- Prompt:
Where the word "FINANCIAL" appears in a line of the entries below, count that line and give the total alone.

*** Data for analysis ***

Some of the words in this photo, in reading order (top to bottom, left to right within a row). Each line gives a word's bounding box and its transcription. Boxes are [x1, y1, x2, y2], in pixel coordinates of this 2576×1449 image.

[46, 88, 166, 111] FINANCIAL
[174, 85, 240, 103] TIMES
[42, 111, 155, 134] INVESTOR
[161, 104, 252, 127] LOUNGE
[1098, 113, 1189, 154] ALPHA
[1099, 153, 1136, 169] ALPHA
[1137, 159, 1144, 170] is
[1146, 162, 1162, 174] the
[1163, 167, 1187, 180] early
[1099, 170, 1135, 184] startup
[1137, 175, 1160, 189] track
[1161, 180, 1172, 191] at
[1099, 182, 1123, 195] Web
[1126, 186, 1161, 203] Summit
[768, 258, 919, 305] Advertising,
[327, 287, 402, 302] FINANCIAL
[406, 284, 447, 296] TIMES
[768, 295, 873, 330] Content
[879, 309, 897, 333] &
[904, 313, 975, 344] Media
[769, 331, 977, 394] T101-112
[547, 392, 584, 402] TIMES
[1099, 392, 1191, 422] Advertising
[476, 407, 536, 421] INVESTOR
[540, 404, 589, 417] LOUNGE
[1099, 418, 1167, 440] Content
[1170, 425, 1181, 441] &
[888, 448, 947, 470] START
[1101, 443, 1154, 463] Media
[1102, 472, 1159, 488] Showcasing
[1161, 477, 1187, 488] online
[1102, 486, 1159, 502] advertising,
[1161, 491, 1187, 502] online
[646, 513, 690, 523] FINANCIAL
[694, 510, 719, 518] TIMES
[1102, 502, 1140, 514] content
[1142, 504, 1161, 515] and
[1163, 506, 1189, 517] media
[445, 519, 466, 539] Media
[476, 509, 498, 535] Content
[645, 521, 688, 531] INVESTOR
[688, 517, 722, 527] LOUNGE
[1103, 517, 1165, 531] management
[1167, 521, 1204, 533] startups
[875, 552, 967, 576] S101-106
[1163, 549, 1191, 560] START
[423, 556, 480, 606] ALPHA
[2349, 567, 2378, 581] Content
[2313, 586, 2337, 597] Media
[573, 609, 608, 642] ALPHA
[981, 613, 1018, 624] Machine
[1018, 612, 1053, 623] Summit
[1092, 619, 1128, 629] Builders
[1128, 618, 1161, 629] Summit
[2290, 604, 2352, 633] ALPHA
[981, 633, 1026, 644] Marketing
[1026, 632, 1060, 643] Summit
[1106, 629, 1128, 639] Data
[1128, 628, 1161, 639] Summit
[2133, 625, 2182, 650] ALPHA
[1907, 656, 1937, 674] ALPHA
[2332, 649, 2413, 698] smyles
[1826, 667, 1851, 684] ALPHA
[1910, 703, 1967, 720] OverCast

*** End of Data for analysis ***

- Output:
3